VENGADORES 97 VIDA DE ESTE VELOCISTA

Por rápido que corra, la trayectoria de Mercurio ha sido extraordinariamente accidentada, con alteraciones constantes en su biografía, fruto de los cambios de idea de los autores de Marvel a lo largo de los años. En este segundo episodio del epílogo de “Sin rendición” dedicado al gran velocista de La Casa de las Ideas, Saladin Ahmed ha puesto el acento sobre su herencia gitana, pero no ha sido siempre así, y durante mucho tiempo el rasgo biográfico que más pesó en el ánimo de Pietro fue el considerarse hijo de Magneto. ¿Quizás esos fantasmas con los que se enfrenta nuestro héroe en esta particular aventura no son sino recuerdos de la persona que fue y ya no es? ¿O tal vez se trata de presagios de lo que pueda venir? El futuro no está escrito, al menos no para nosotros, pero sí lo está el pasado. Es más: está escrito y dibujado, así que no es mal momento para repasarlo.

VILLANOS EN TRÁNSITO La primera vez que supimos de Mercurio y La Bruja Escarlata, ambos formaban parte de La Hermandad de Mutantes Diabólicos de Magneto (The X-Men #4 USA, 1964. Marvel Gold. La Patrulla-X Original nº 1), pero tanto ellos como el villano desconocían que tuvieran cualquier tipo de consanguineidad. Le debían obediencia porque éste les había rescatado, aunque enseguida quedó claro que su papel no estaba allí. No tardaron en dejar el equipo, una vez Magneto quedó fuera de juego, para poco después unirse a Los Vengadores.

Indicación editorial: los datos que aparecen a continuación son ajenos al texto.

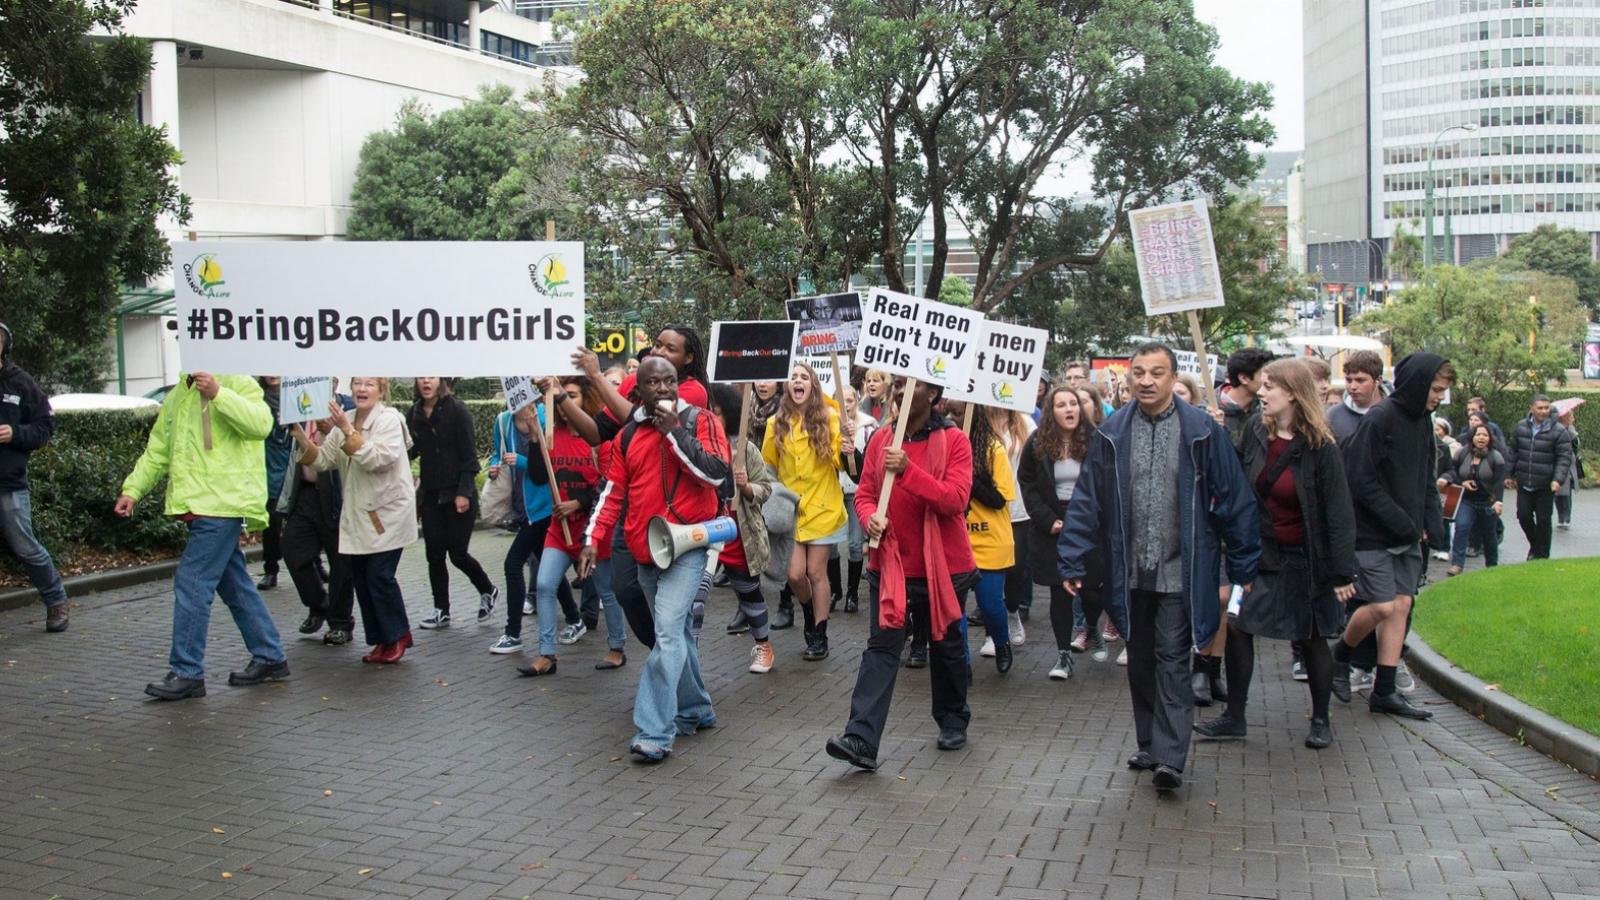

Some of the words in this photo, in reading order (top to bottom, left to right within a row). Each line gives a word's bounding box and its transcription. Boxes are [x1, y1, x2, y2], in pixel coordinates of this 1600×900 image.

LA BÚSQUEDA DEL PADRE Pasó un tiempo hasta que entró en juego la posibilidad de atribuirle unos progenitores a los hermanos. Una década después de su creación, Roy Thomas viene a establecer que el padre de ambos es El Zumbador, un viejo superhéroe olvidado de La Segunda Guerra Mundial (Giant-Size Avengers #1 USA, 1974. Marvel Gold. Los Vengadores nº 6), mientras que la madre habría sido la fallecida Miss América. Quedó también establecido que el nacimiento habría sido en la base de El Alto Evolucionador en Wundagore y que habría sido asistido por Bova, una vaca evolucionada hasta el aspecto y la inteligencia humana. Apenas un lustro después (The Avengers #181-187 USA. 1979, Marvel Gold. Los Vengadores: Noches de Wundagore), reaparece el que había sido padre adoptivo de los mellizos, Django Maximoff, secuestra a ambos y los lleva hasta Wundagore, donde van a descubrir parte de la verdad sobre su pasado. Bova confiesa que la madre de ambos fue una mujer desesperada, llamada Magda, que se presentó una noche en la base de El Alto Evolucionador y, tras haber dado a luz a sus retoños, decidió marcharse sin aclarar el motivo. El Alto Evolucionador optó entonces por entregar los mellizos a El Zumbador y Miss América, después de que el hijo de éstos naciera muerto y sin aclararles lo ocurrido. El Zumbador huyó tras conocer la muerte de su esposa, y los niños pasaron entonces a manos de los Maximoff, que anteriormente hubieran perdido a sus propios hijos. Quedaba sólo por aclarar quién habría sido el misterioso padre del que parecía huir Magda, y para entonces John Byrne, dibujante de la saga de Wundagore, ya dio con la solución: que se tratara del propio Magneto. Así se desveló en Vision And The Scarlet Witch #4 USA (1983. Marvel Gold. Los Vengadores: La Visión y La Bruja Escarlata), y así quedó establecido para las décadas siguientes… hasta hace bien poco. Marvel trataba de desligar a Mercurio y La Bruja Escarlata de los mutantes y, en Uncanny Avengers vol. 2, #1-5 USA (2015. Imposibles Vengadores nos 26-30), se deshizo toda esta compleja historia que encajaba de manera tan perfecta y tanto tiempo había costado trazar. El Alto Evolucionador afirmaba que Pietro y Wanda eran los hijos a los que los Maximoff consideraban muertos… y todavía estamos instalados ahí. Ojo, porque este personaje tiende bastante a mentir. Conjeturamos que, tarde o temprano, volveremos sobre este asunto.